Free Resources

  • Prevention against Conjunctivitis
  • Nutritional Blindness
  • Retinopathy of Prematurity (ROP)
  • Diabetic Retinopathy

Any inflammation of conjunctiva (the outermost layer of the eye) is referred to as conjunctivitis.

There are two main types of conjunctivitis namely Infective Conjunctivitis and Allergic Conjunctivitis.

Infective Conjunctivitis:

This type of conjunctivitis is seen round the year but sometimes becomes epidemic. The infection can be bacterial or viral. The person may have symptoms such as acute redness, watering and discharge from both or one eye. He or she may also experience irritation, pricking and swelling of eyelids. Some individual may also have body ache, malaise and throat pain.

Usually, broad spectrum antibiotic eye drops and ointments are advised.
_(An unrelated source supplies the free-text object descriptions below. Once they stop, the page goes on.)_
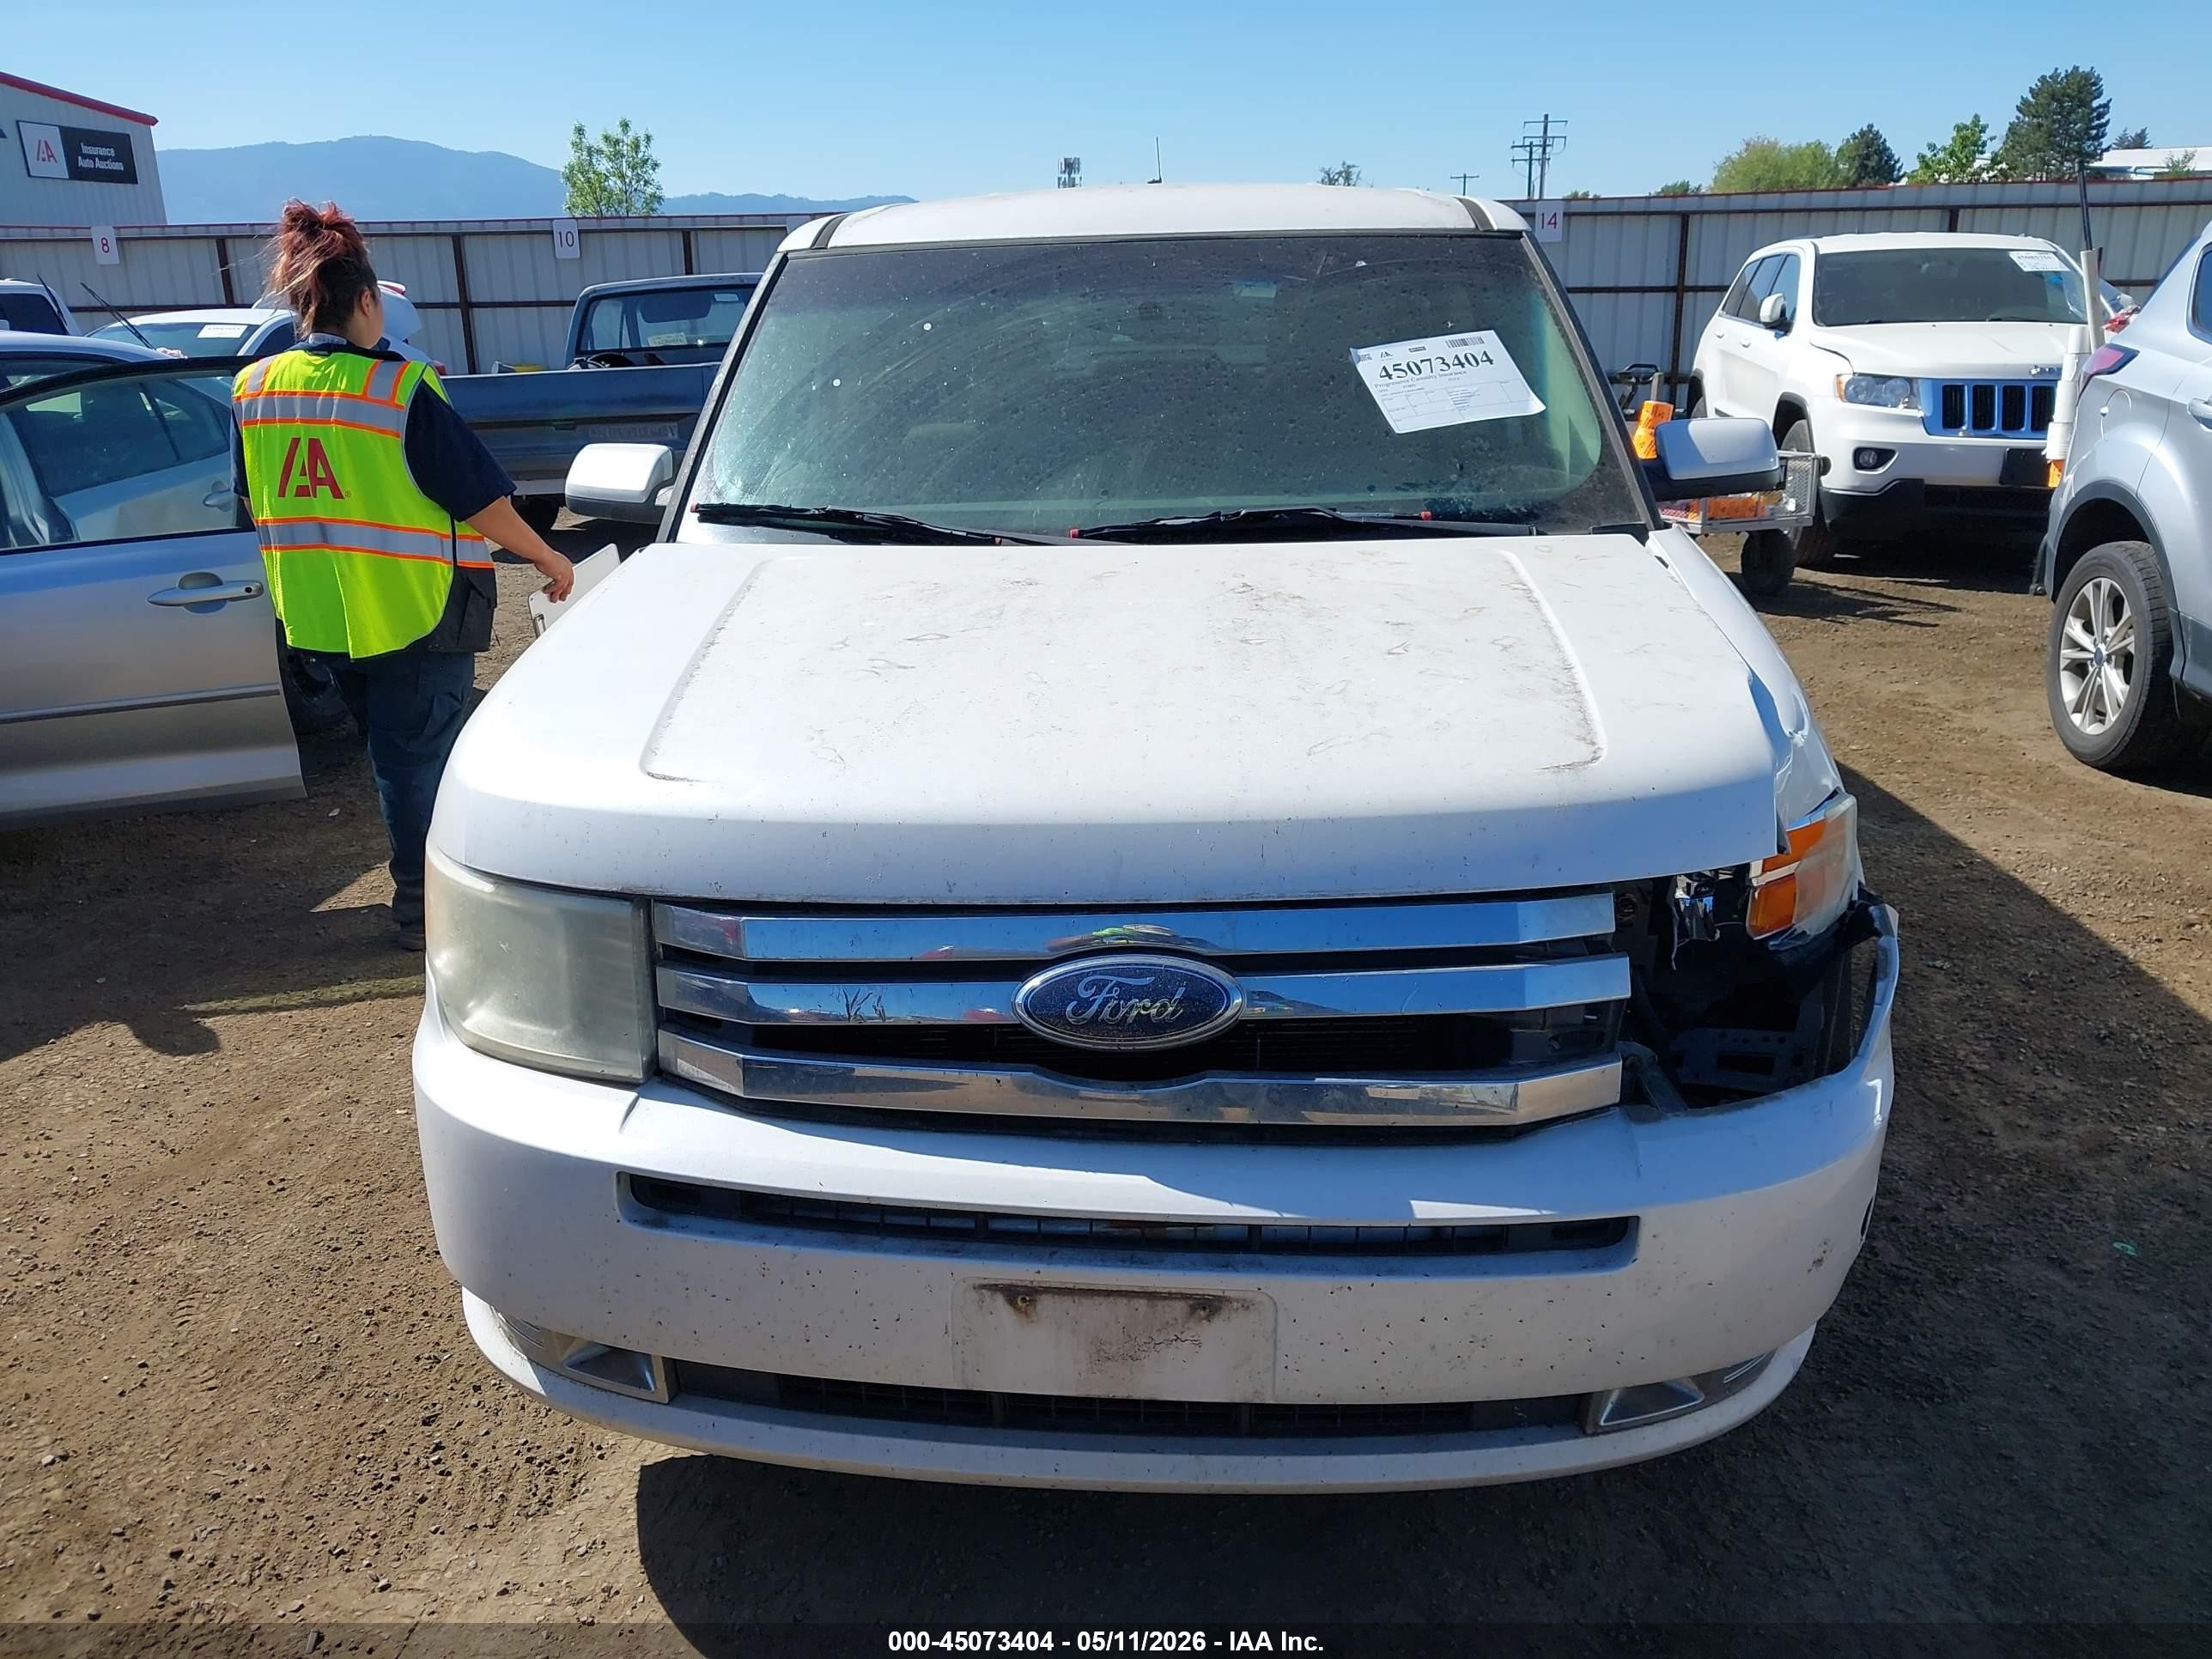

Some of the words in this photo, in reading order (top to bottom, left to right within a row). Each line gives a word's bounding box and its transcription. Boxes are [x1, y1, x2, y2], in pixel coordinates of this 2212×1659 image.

[81, 142, 115, 156] Insurance
[77, 155, 94, 168] Auto
[94, 158, 125, 171] Auctions
[1541, 212, 1558, 229] 14
[100, 237, 110, 253] 8
[558, 231, 574, 247] 10
[1379, 350, 1494, 380] 45073404
[1374, 378, 1409, 389] Progressive
[1411, 373, 1437, 383] Casualty
[1066, 975, 1187, 1025] Ford
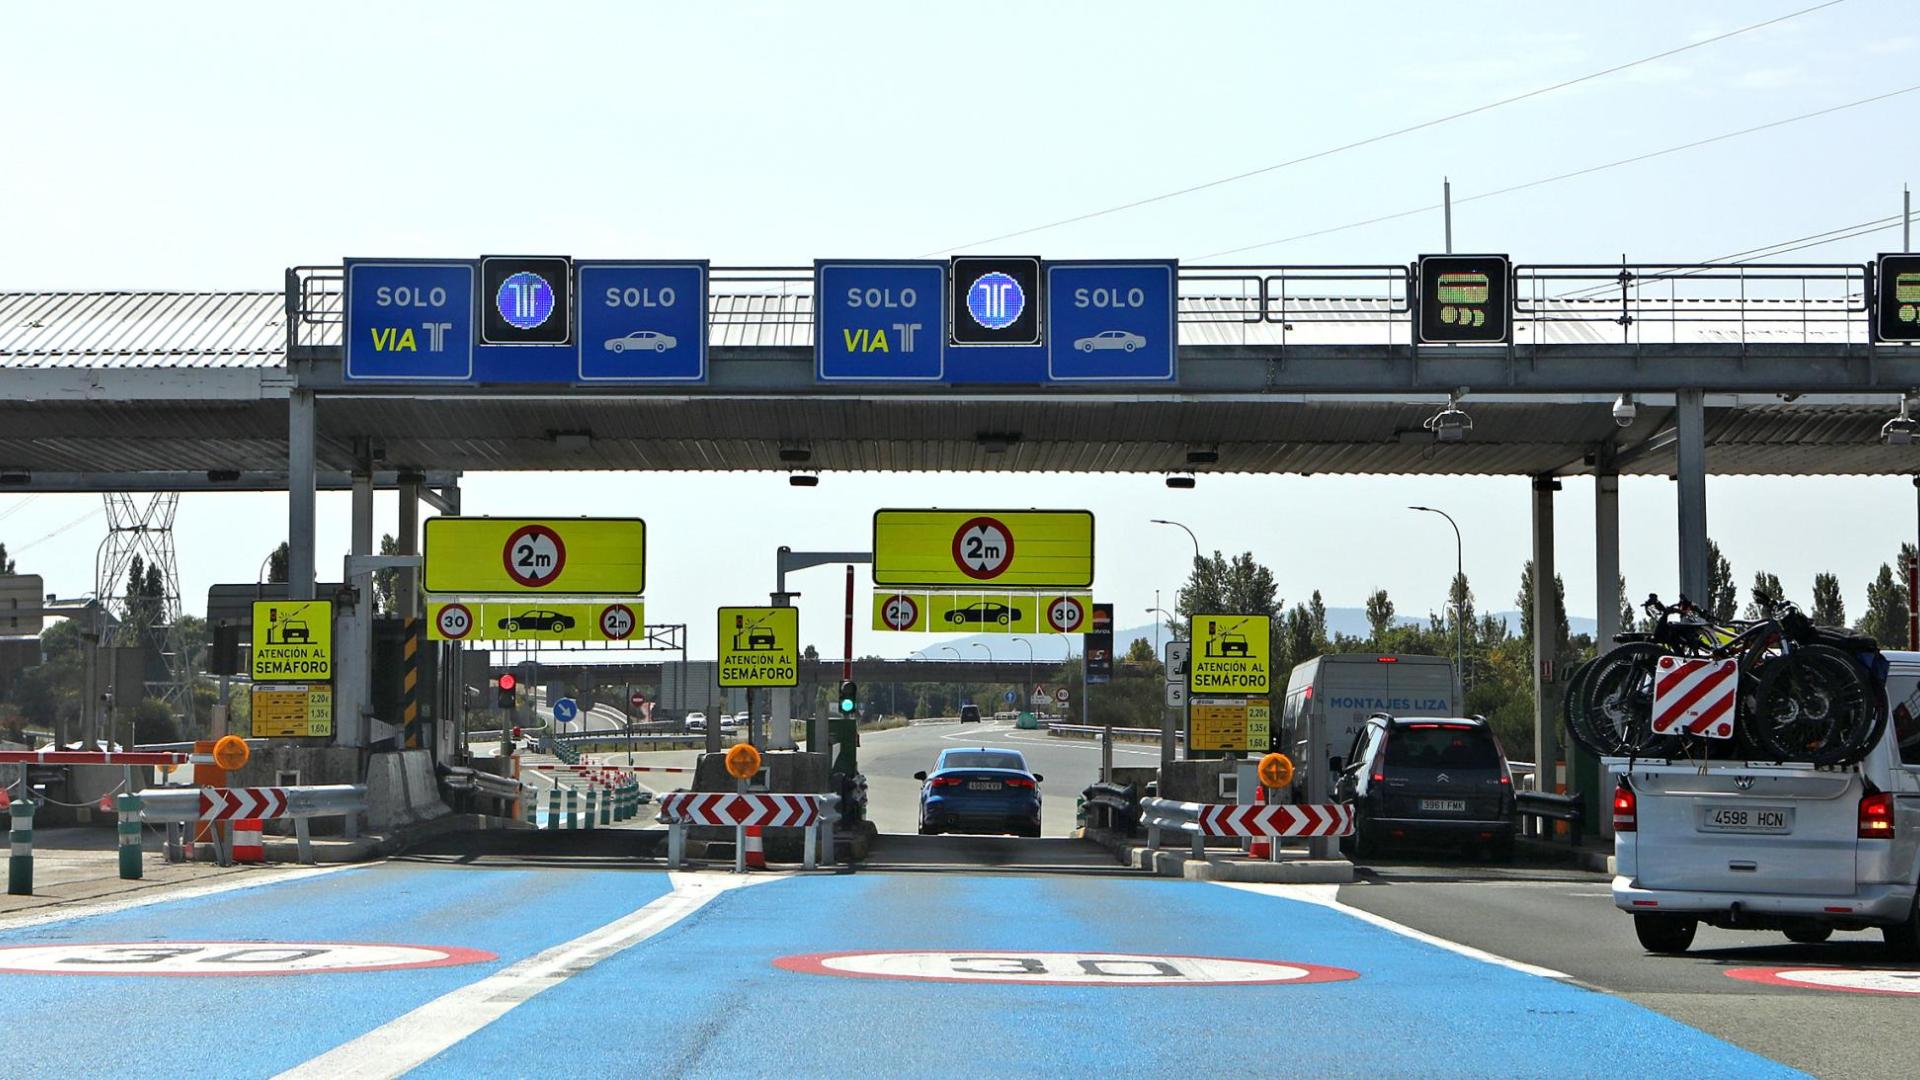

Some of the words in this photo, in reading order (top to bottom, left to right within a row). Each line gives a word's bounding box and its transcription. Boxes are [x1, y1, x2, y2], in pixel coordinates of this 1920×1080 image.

[376, 287, 446, 307] SOLO
[605, 287, 676, 308] SOLO
[847, 288, 917, 308] SOLO
[1074, 287, 1145, 308] SOLO
[370, 327, 417, 352] VIA
[843, 328, 889, 353] VIA
[444, 615, 465, 628] 30
[1055, 608, 1076, 621] 30
[257, 646, 308, 658] ATENCIÓN
[313, 649, 326, 658] AL
[256, 659, 328, 673] SEMÁFORO
[779, 655, 792, 665] AL
[1252, 663, 1265, 672] AL
[722, 665, 794, 680] SEMÁFORO
[1195, 672, 1266, 687] SEMÁFORO
[1331, 697, 1409, 710] MONTAJES
[1414, 699, 1448, 711] LIZA
[1715, 810, 1748, 825] 4598
[1757, 812, 1784, 826] HCN
[56, 947, 333, 964] 30
[950, 956, 1185, 977] 30
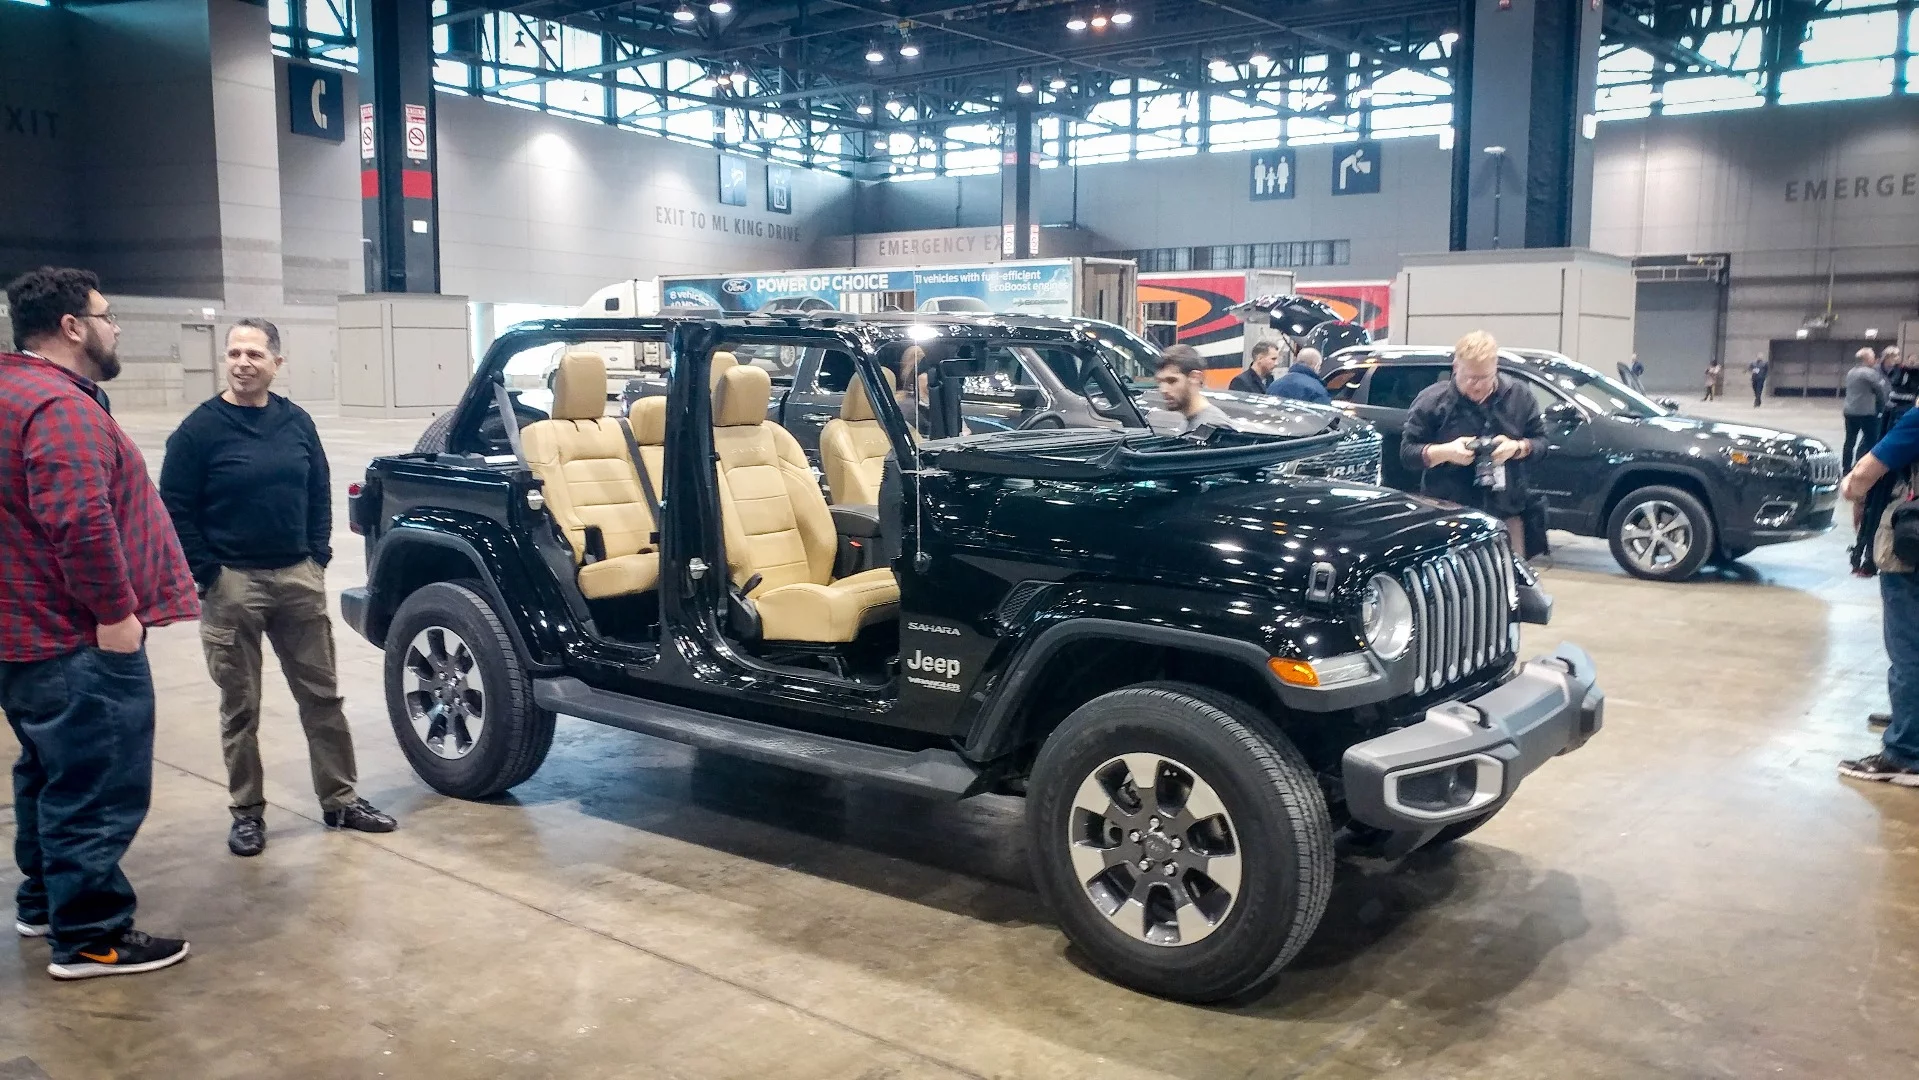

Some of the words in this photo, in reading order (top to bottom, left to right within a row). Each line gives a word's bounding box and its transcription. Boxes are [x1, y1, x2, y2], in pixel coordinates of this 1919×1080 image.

The frequency of application of these eye drops and ointments depend upon the severity of illness. Patient should be explained and made aware about the contagious nature of the disease, should be checked at the earliest and sent back home to prevent spreading of conjunctivitis.


To prevent spread of infection, patients must follow these advices:

  • Avoid going to work or school
  • Avoid close contact with family members and children at home
  • Wash hands frequently or use hand sanitisers after touching the eye
  • Use separate towels, soap, pillows etc.
  • You can go back to work once watering and discharge has stopped.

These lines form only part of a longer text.